John Londragan, International Brigader

Many thanks to Unite member and Aberdeen Councillor
Nathan Morrison for this photograph
This information is taken from the Rebel Road
pages at Unite education. 

Aberdeen Trades Union Council offices are named after John Londragan and the premises at 22a Adelphi have a plaque which states: John Londragan House: Communist, International Brigadier and Life Long Trade Unionist, 1911-1993. The plaque was erected in 1993.
An article by John Landragan appears in the book Voices from the Spanish Civil War: personal recollections of Scottish Volunteers in Republican Spain 1936-39, edited by Ian MacDougall.
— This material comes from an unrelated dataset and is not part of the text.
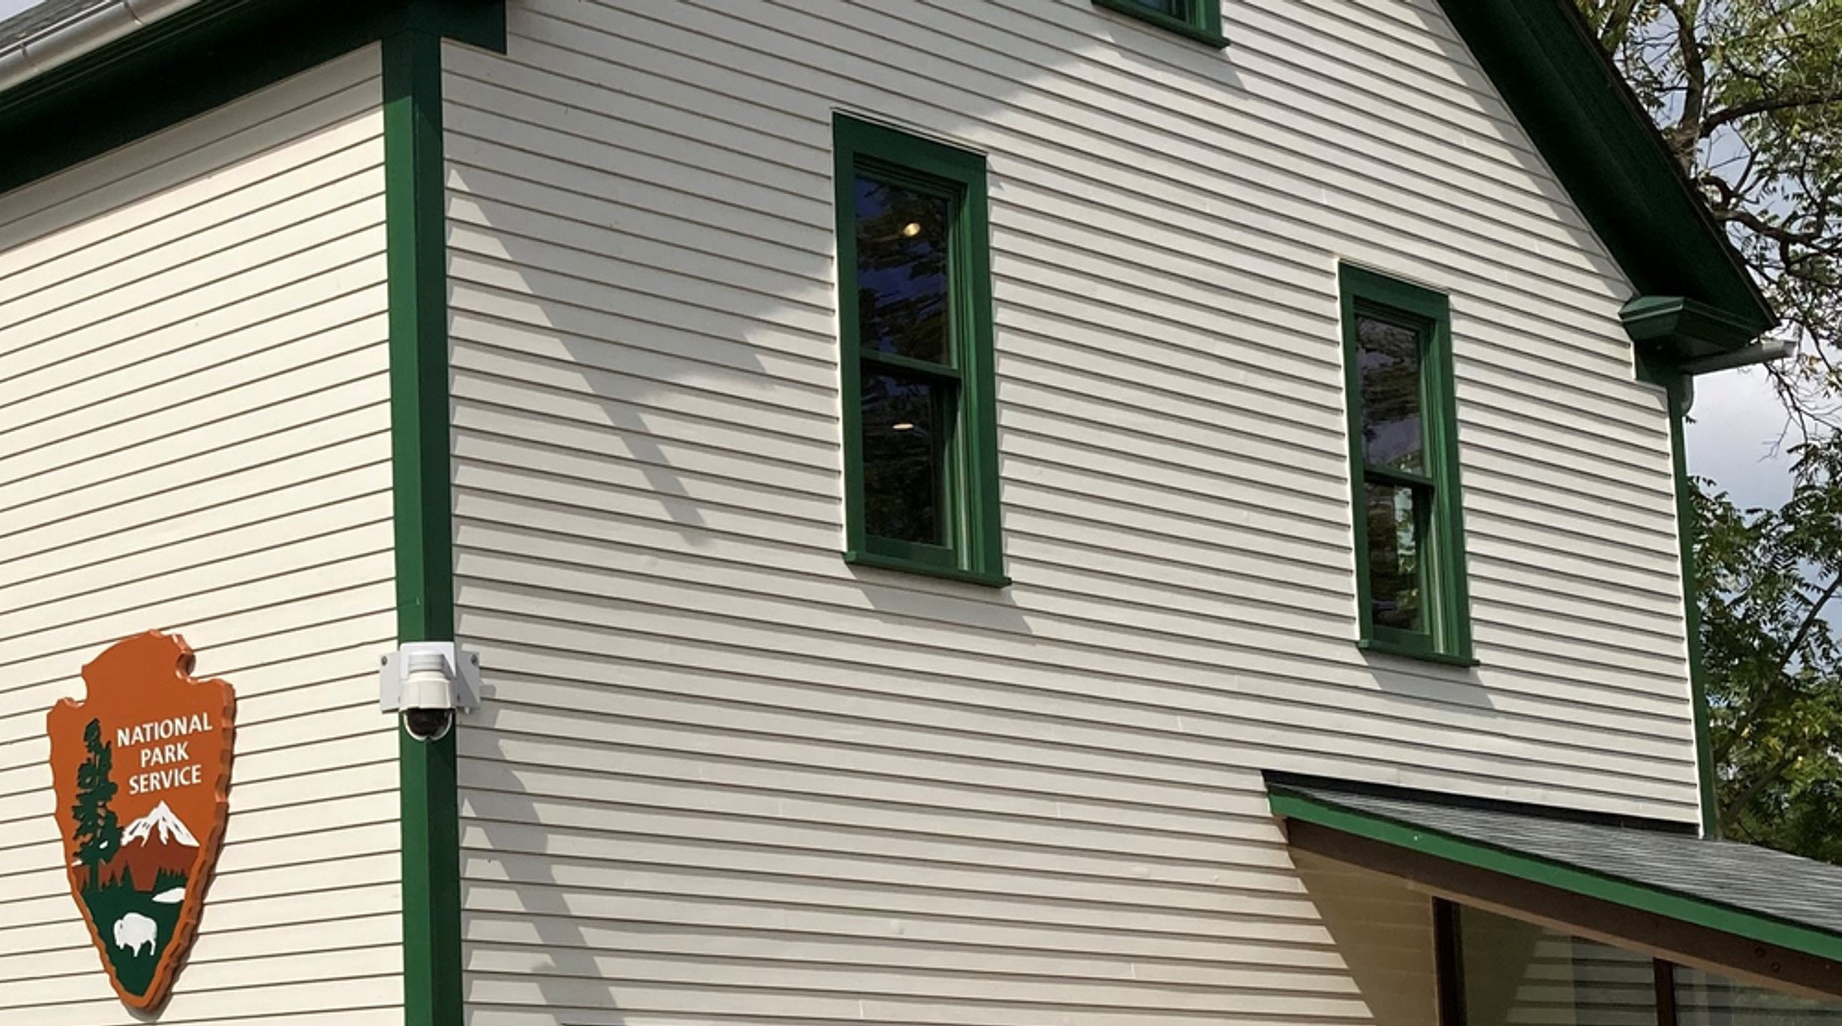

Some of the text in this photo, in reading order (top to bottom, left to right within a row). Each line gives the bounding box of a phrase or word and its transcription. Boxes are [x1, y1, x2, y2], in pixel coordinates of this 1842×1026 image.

[116, 711, 213, 748] NATIONAL
[140, 741, 190, 768] PARK
[128, 764, 202, 795] SERVICE
The railway worker describes his motivation for risking his life: ‘Being a member of the Communist Party and being an anti-Fascist I though it was my duty to go and help the people in Spain.
‘And the fight, whether it be here in Aberdeen against the British Union of Fascists or against Hitler and Mussolini in Spain, was exactly the same to me, no difference at all.’
The Scotsman served in the Anti-Tank Unit of the XVth International Brigade at Jarama, which is south-east of Madrid, before being sent to Brunette, which is where he got wounded in the leg and arm. This finished his career on the military side but when he came out of hospital he was employed on the organisational side of the Brigade. Londragan later served – again in an Anti-Tank Unit - in the British Army during the Second World War.
Writing in 1986, the Aberdeen man wrote: ‘ Looking back, there isn’t a thing changed since 1936 as regards my views…..When I went to Spain I thought I was trying to halt Hitler and Mussolini and their exploitation of Europe……..so when we went to war in 1939 I did exactly the same job…… Both were anti-Fascist wars.’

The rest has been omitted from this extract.